Last week we were discussing gardening at work and the question came up about the best place to grow a Chilean Bell Flower climber, Lapageria rosea. It is an interesting question because ithe placement of this stunning plant does require careful consideration.
 Like many plants from Chile it is slightly frost tender, and if left outside on a normal fence it would soon succumb to our winters.
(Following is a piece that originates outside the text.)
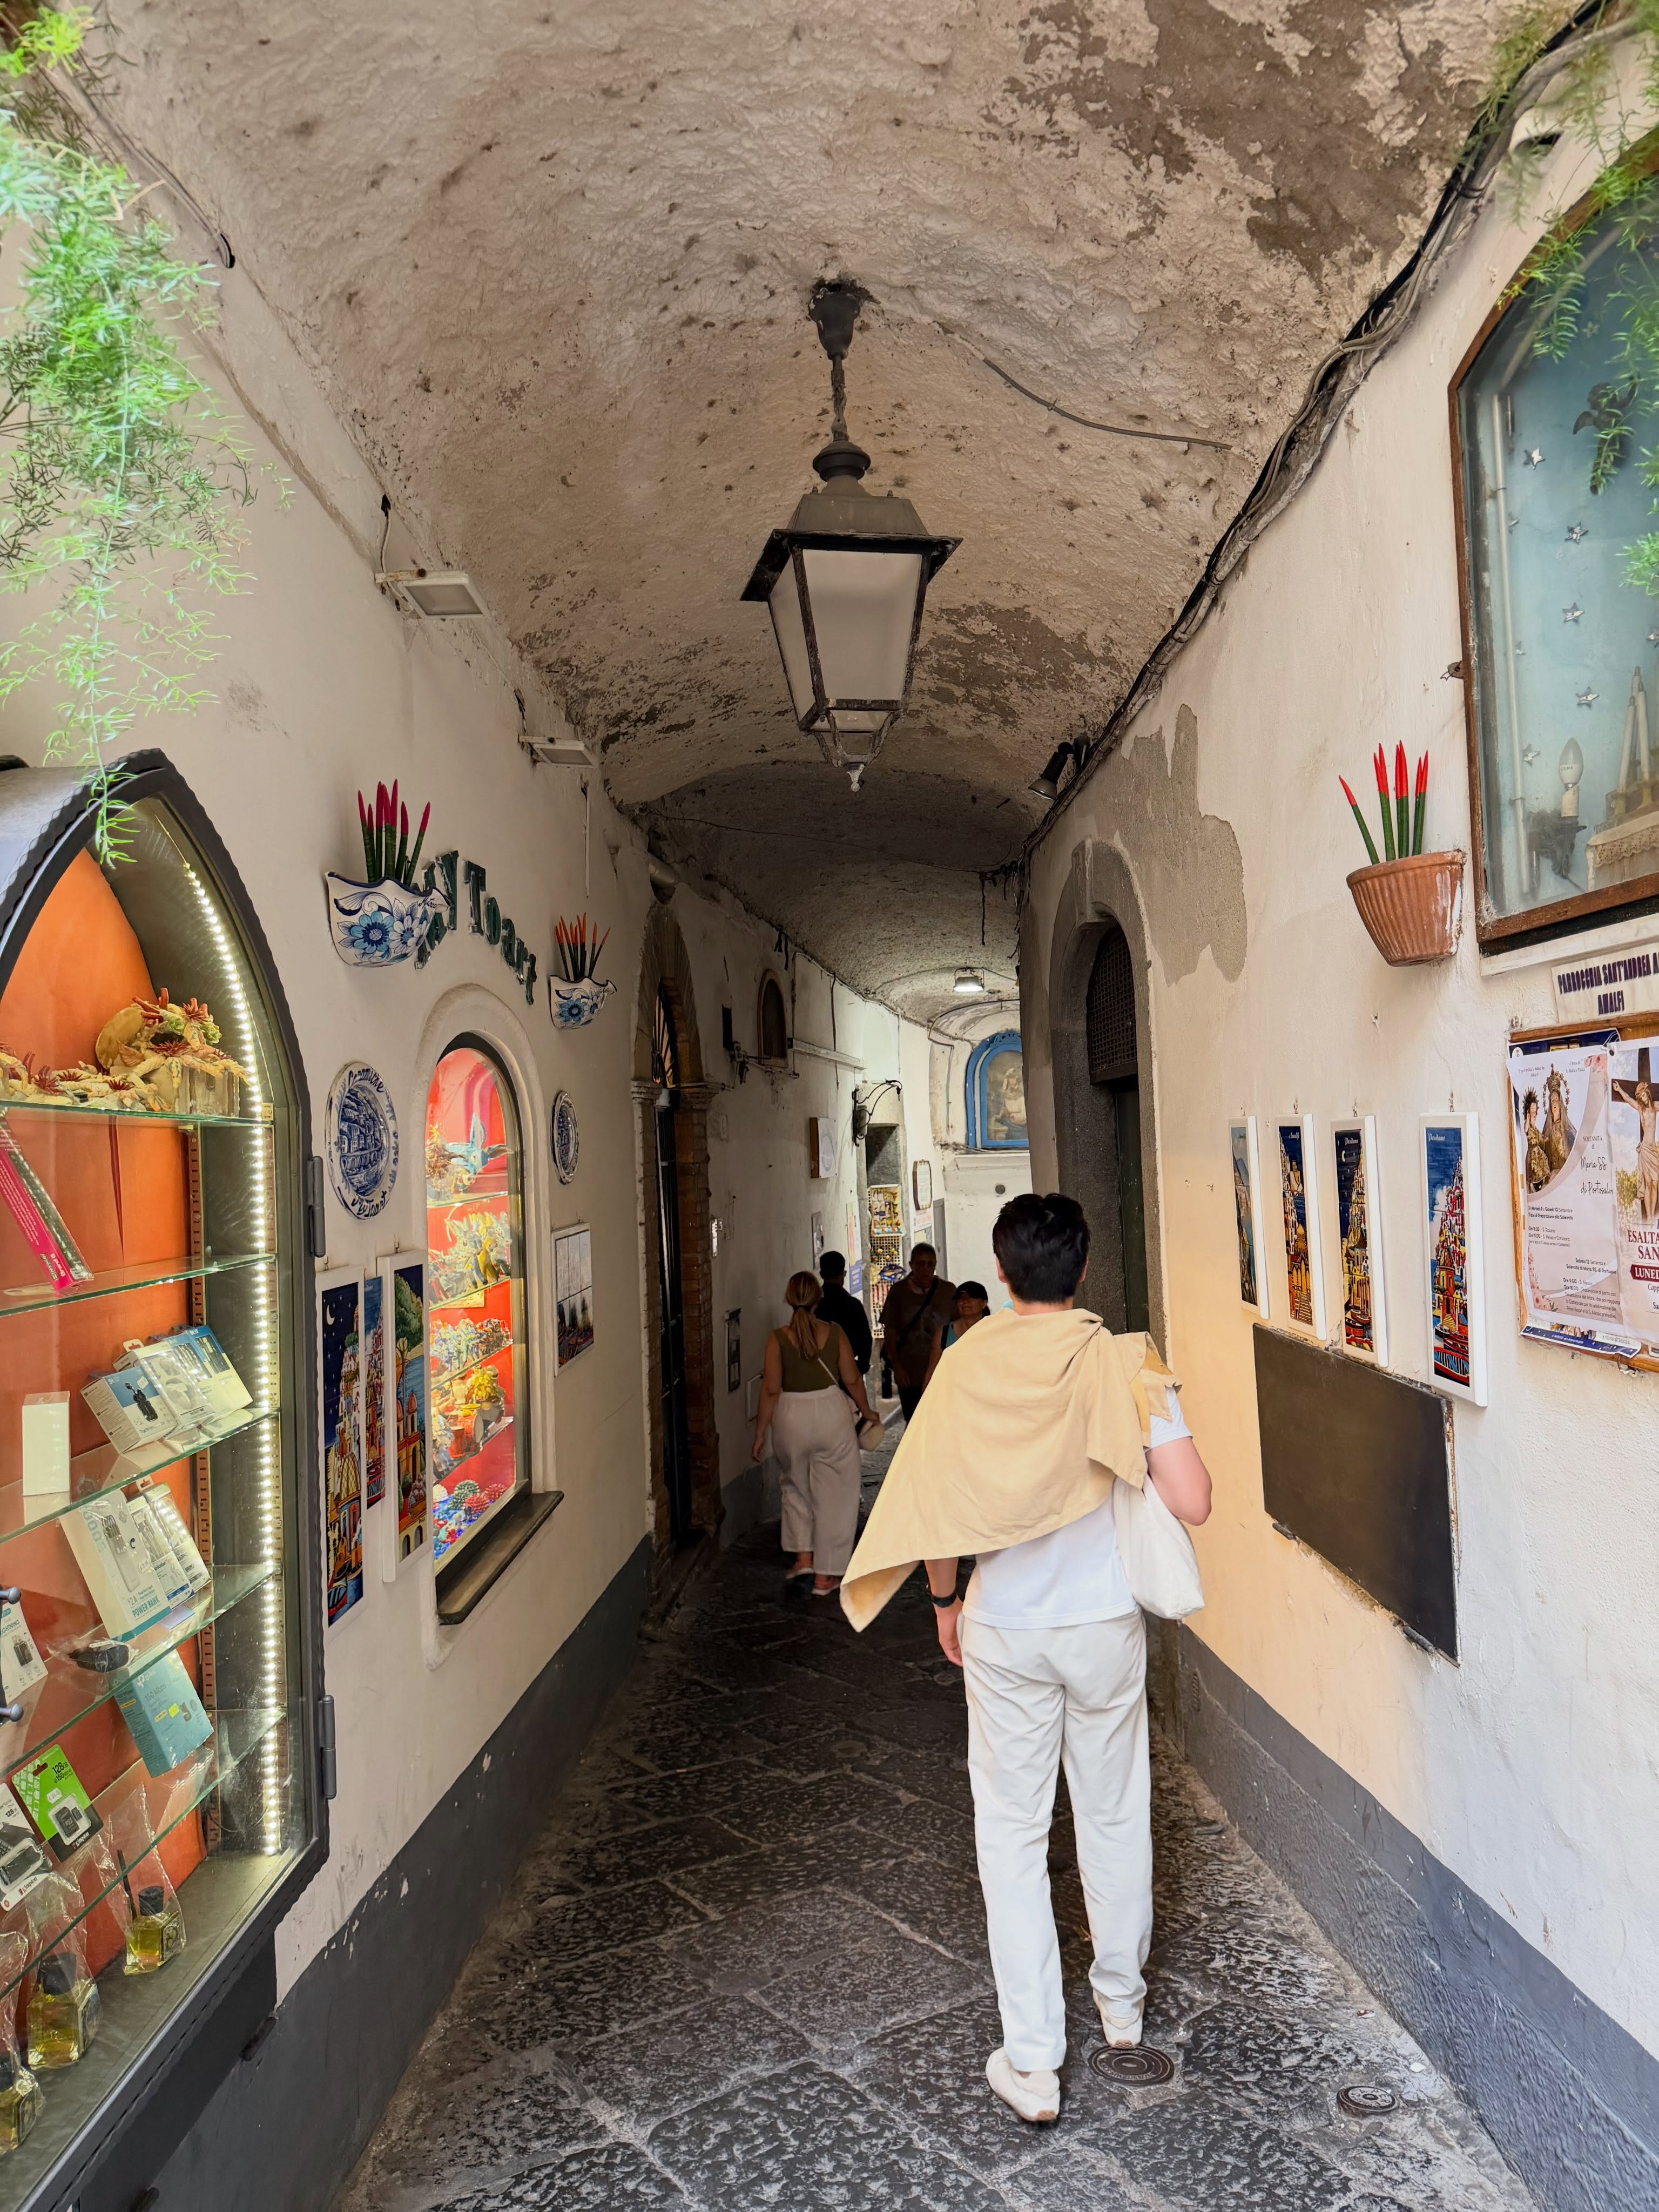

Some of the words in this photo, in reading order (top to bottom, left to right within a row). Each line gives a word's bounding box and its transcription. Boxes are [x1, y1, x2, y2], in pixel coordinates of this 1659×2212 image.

But on the other hand, again like many of its Chilean kith and kin, it prefers a cool root run, so is not really all that suited to a northerly aspect. 
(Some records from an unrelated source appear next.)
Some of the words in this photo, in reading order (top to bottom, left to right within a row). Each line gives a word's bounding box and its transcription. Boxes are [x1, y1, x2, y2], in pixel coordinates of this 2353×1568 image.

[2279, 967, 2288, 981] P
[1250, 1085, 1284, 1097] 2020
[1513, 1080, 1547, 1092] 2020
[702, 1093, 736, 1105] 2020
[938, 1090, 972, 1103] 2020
I have two plants growing intertwined – a white form and the more usual pink one – and they are happily growing up against the wall of our sleepout, on a south wall, along with some Chatham Island Forget-me-nots.  I added lots of compost and sand to the soil, so it is well drained but also has a high level of humus. 
The plants grow to the roofline each year, and each winter the frost nips them back a little.  Over the past few years they have also send some trailing branches out into the adjoining manuka and dwarf Camellia trees, but that is fine as their flowering seasons do not overlap, and it is a nice bonus to have the beautiful bells hanging from a slightly lower height.
I cannot think of a relatively easily grown climber that is as rewarding as the Chilean Bell Flower.  Mine has had intermittent flowers for the past couple of months and is now approaching the height of its season.  The white variety has flowers tinged with pink as it opens, but once fully extended has the most pristine of flowers.  The pink or rose forms, on the other hand, have waxy flowers of varying shades of pink, usually with white mottling on the inside, sometimes visible from the outside.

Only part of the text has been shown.